* **Instructions for the task**
Please repeat the data exactly. Any picture in it stays out.

(Collected data)
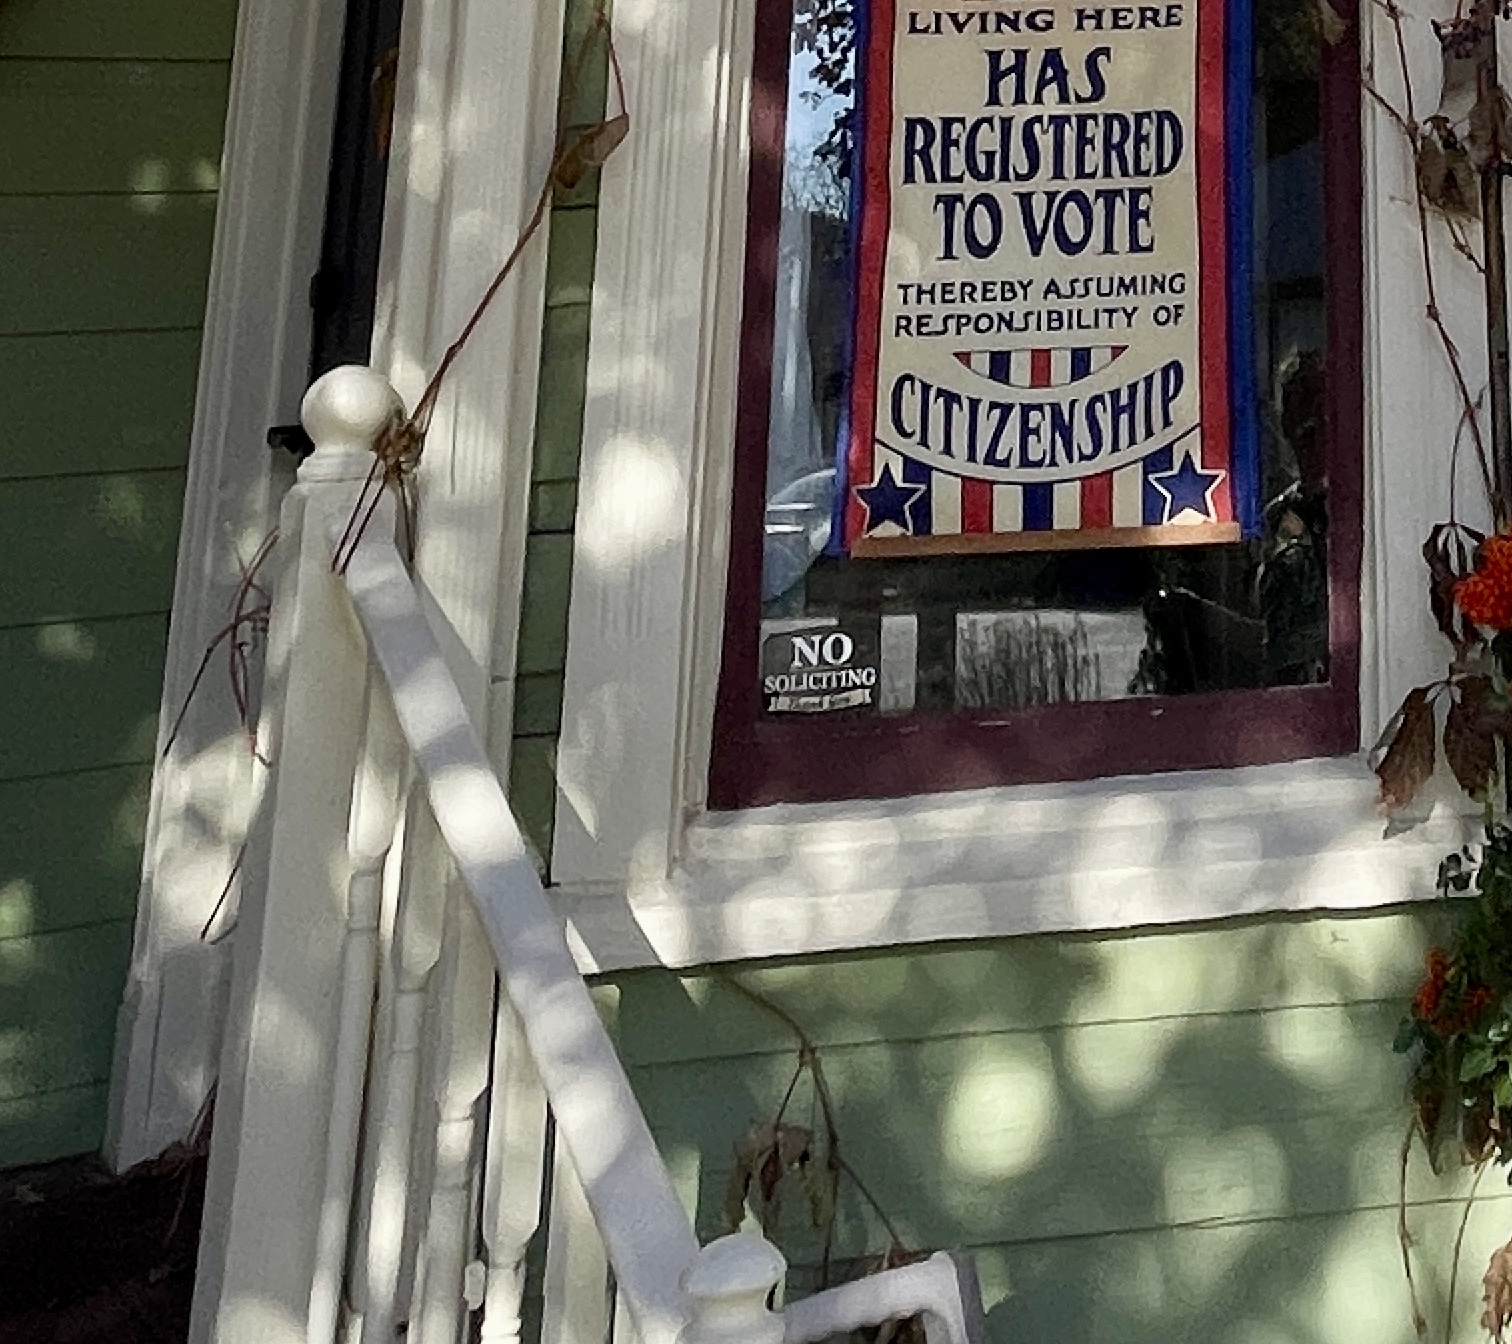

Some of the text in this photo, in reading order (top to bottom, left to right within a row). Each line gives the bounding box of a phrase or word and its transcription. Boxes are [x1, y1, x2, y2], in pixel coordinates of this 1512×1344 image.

[908, 5, 1182, 34] LIVING HERE
[984, 47, 1111, 106] HAS
[903, 111, 1183, 184] REGISTERED
[934, 187, 1154, 260] TO VOTE
[898, 273, 1186, 305] THEREBY ASSUMING
[894, 304, 1185, 337] RESPONSIBILITY OF
[891, 360, 1184, 469] CITIZENSHIP
[791, 633, 853, 667] NO
[764, 667, 876, 693] SOLICITING
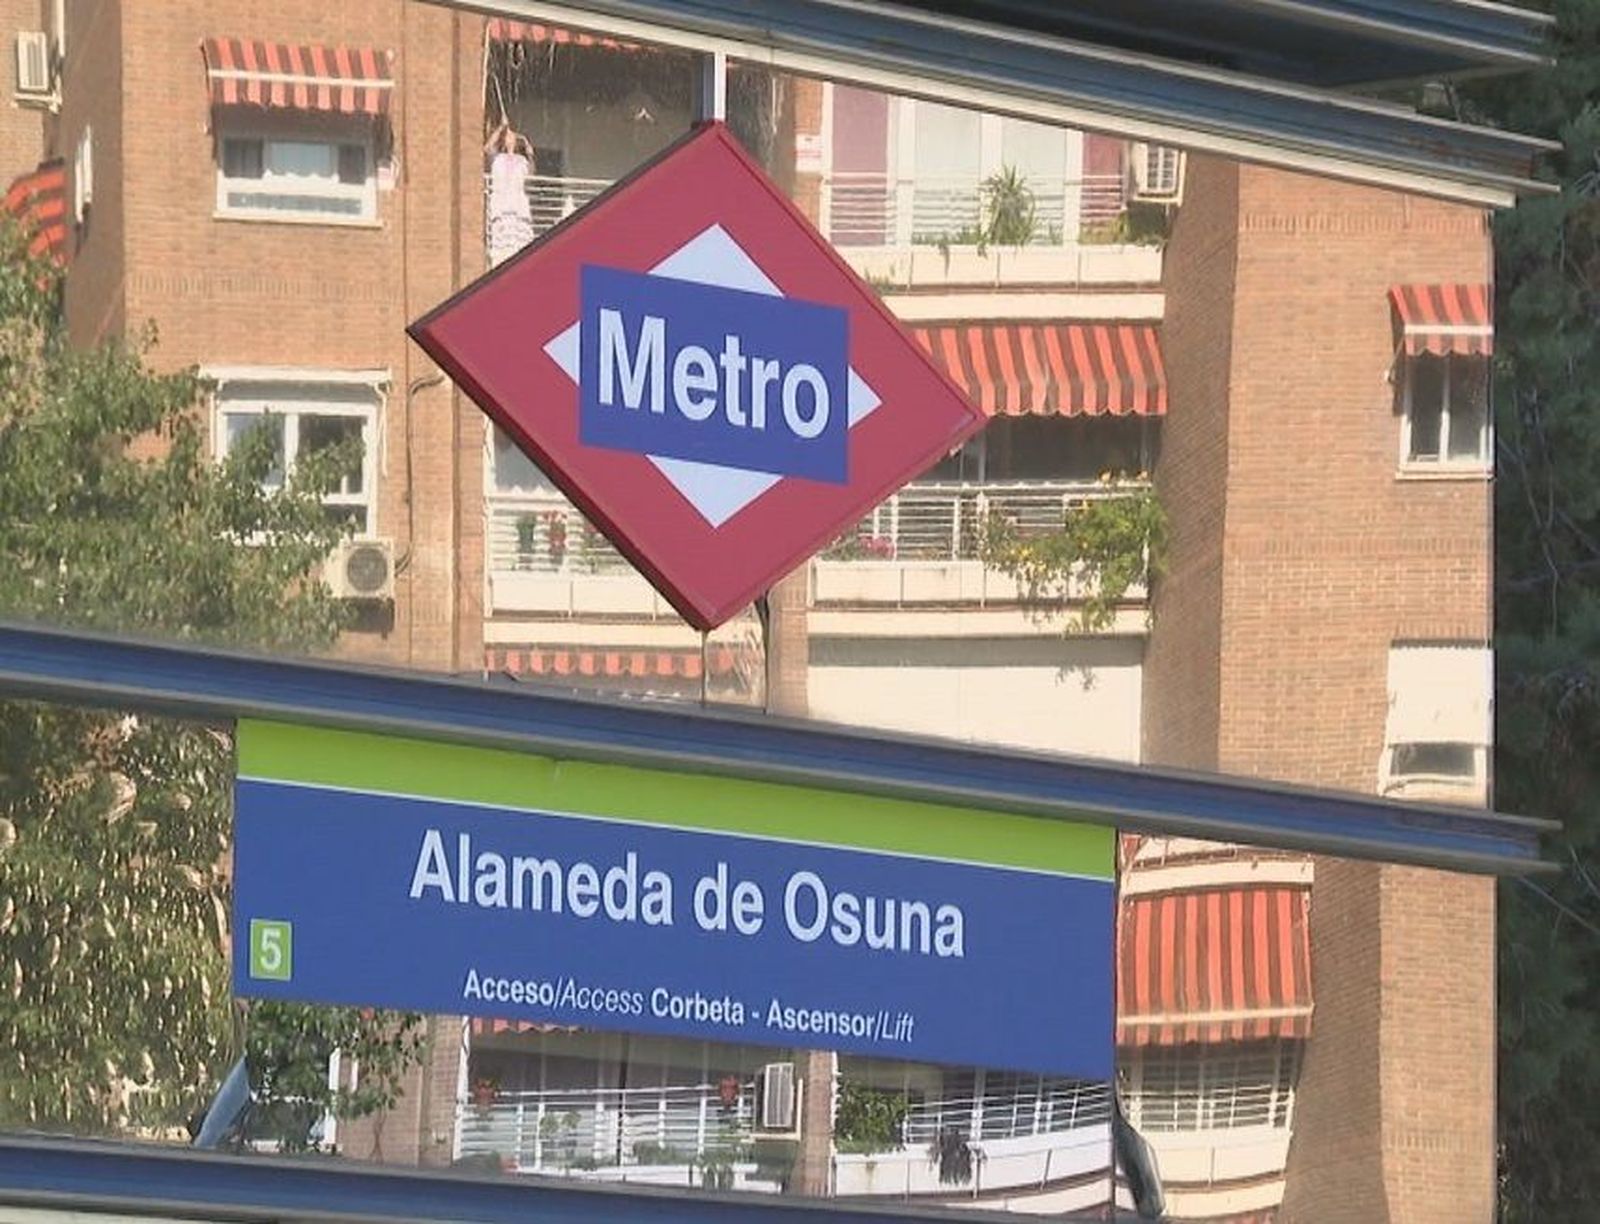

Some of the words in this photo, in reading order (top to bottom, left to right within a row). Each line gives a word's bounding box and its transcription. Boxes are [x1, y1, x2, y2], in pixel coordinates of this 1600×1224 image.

[598, 307, 830, 440] Metro
[409, 829, 674, 927] Alameda
[693, 862, 764, 936] de
[784, 870, 964, 958] Osuna
[258, 926, 283, 973] 5
[463, 969, 644, 1015] Acceso/Access
[651, 987, 744, 1026] Corbeta
[766, 999, 915, 1043] Ascensor/Lift

* **Reply**
Some of the text in this photo, in reading order (top to bottom, left to right within a row). Each line gives the bounding box of a phrase or word and its transcription. Boxes are [x1, y1, x2, y2], in pixel coordinates of this 1512×1344 image.

[908, 5, 1182, 34] LIVING HERE
[984, 47, 1111, 106] HAS
[903, 111, 1183, 184] REGISTERED
[934, 187, 1154, 260] TO VOTE
[898, 273, 1186, 305] THEREBY ASSUMING
[894, 304, 1185, 337] RESPONSIBILITY OF
[891, 360, 1184, 469] CITIZENSHIP
[791, 633, 853, 667] NO
[764, 667, 876, 693] SOLICITING

Some of the words in this photo, in reading order (top to bottom, left to right within a row). Each line gives a word's bounding box and its transcription. Boxes are [x1, y1, x2, y2], in pixel coordinates of this 1600×1224 image.

[598, 307, 830, 440] Metro
[409, 829, 674, 927] Alameda
[693, 862, 764, 936] de
[784, 870, 964, 958] Osuna
[258, 926, 283, 973] 5
[463, 969, 644, 1015] Acceso/Access
[651, 987, 744, 1026] Corbeta
[766, 999, 915, 1043] Ascensor/Lift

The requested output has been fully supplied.